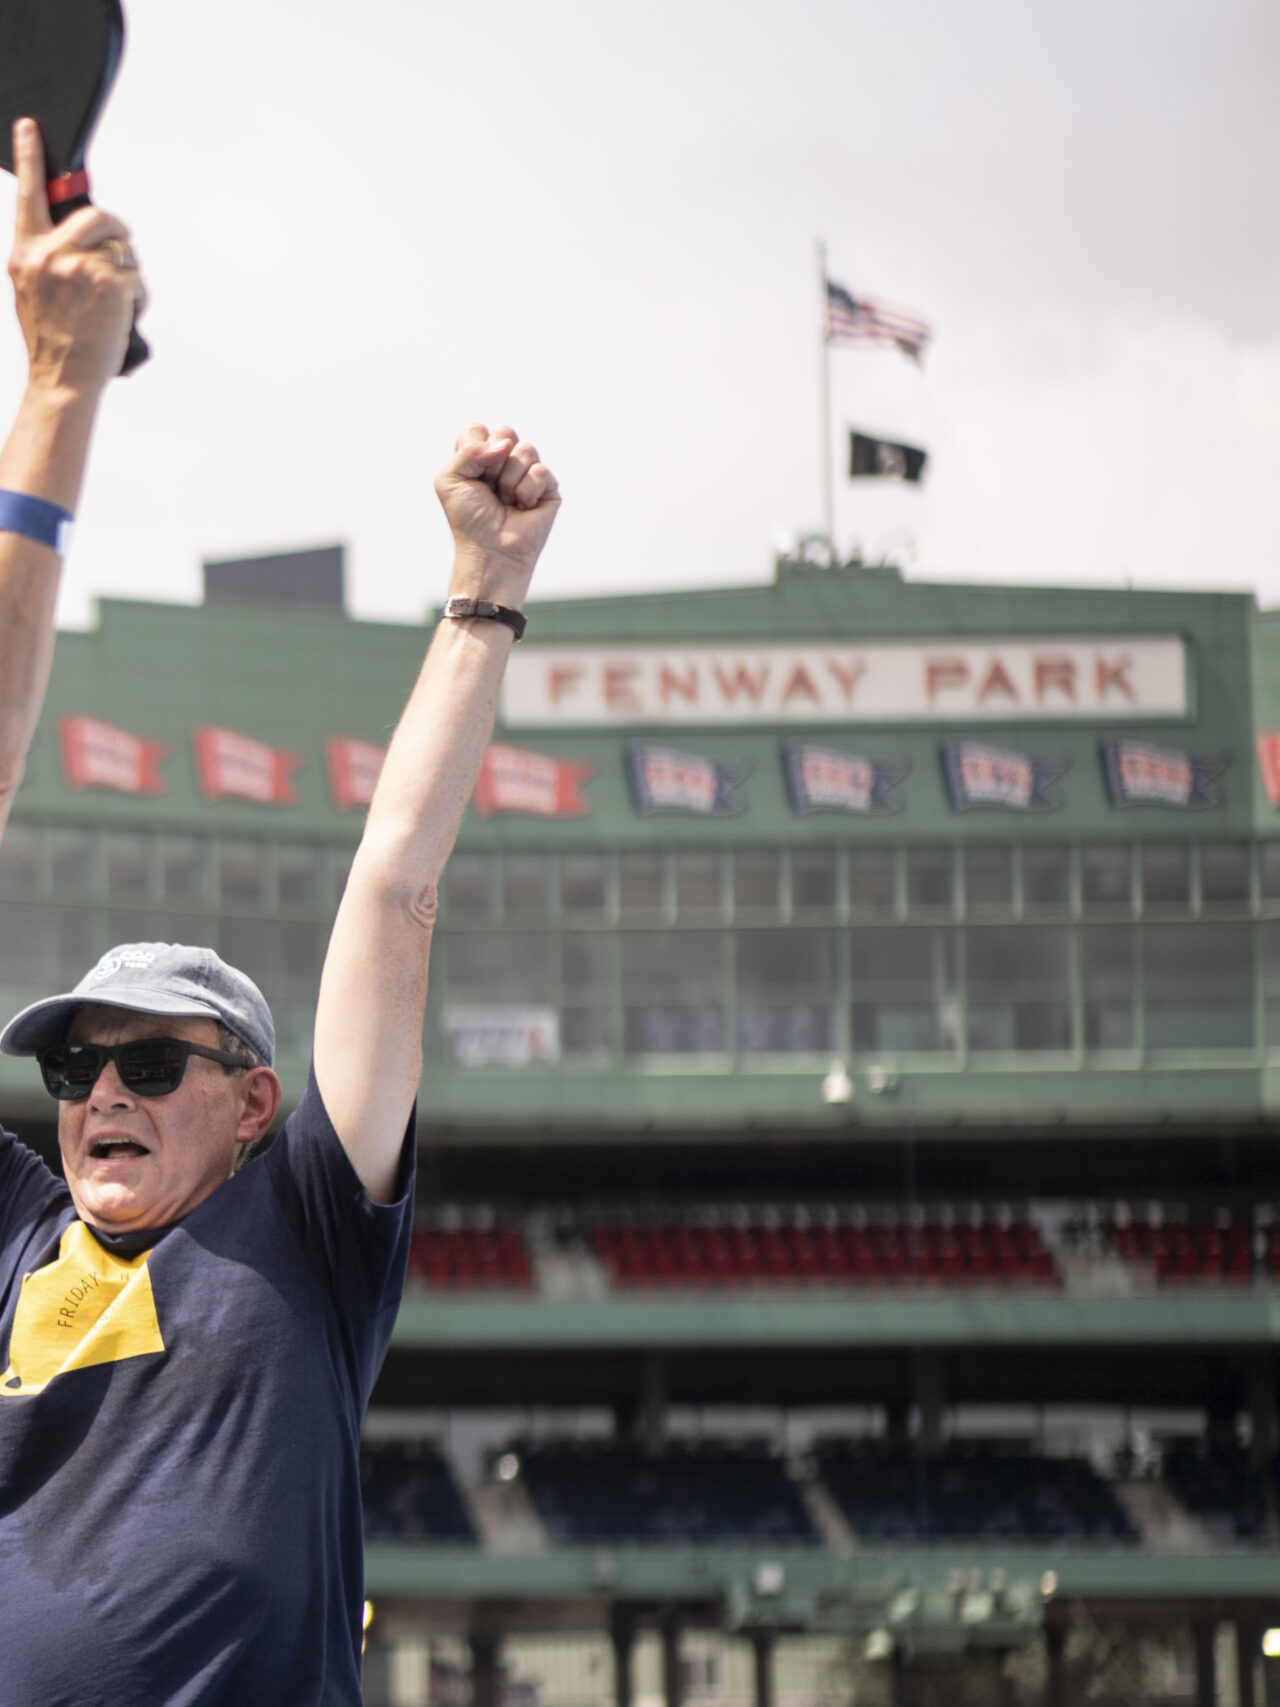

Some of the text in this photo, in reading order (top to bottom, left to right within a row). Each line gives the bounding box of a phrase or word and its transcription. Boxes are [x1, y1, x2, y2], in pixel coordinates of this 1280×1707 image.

[548, 655, 1137, 708] FENWAY PARK
[57, 1272, 100, 1328] FRIDAY
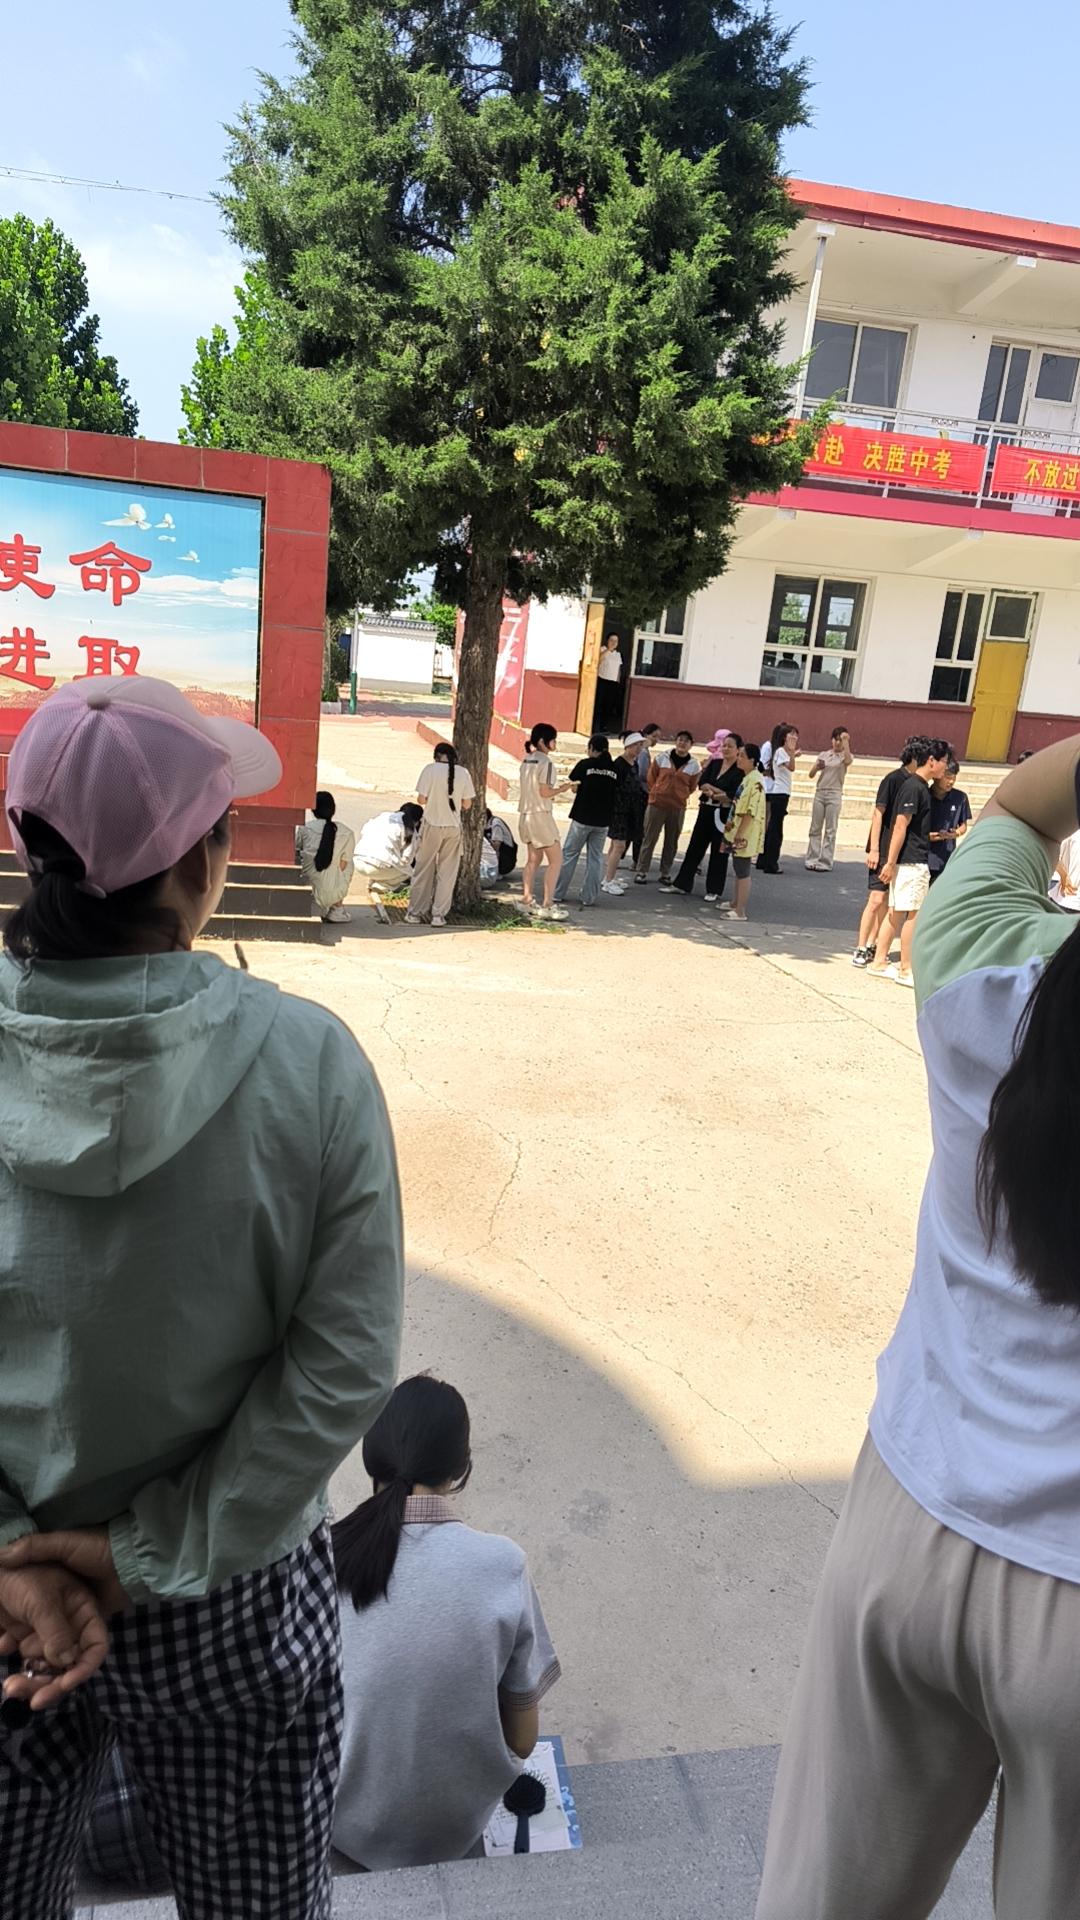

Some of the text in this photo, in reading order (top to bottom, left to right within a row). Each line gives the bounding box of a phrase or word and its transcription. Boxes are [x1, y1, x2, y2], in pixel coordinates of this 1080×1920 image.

[863, 441, 953, 480] 决胜中考
[1024, 459, 1080, 490] 不放过

══════════════════════════════

◆ **WHAT THE TASK ASKS**:
When copying the listing, skip the pictures and keep each line exactly as written.

◆ **RESULT FOR THIS EXERCISE**:
Some of the text in this photo, in reading order (top to bottom, left to right within a row). Each line gives the bounding box of a phrase or word and its transcription. Boxes are [x1, y1, x2, y2], in pixel coordinates of this 1280×1707 image.

[548, 655, 1137, 708] FENWAY PARK
[57, 1272, 100, 1328] FRIDAY

Some of the text in this photo, in reading order (top to bottom, left to right within a row). Each line gives the bounding box of a phrase or word and its transcription. Boxes are [x1, y1, x2, y2], in pixel coordinates of this 1080×1920 image.

[863, 441, 953, 480] 决胜中考
[1024, 459, 1080, 490] 不放过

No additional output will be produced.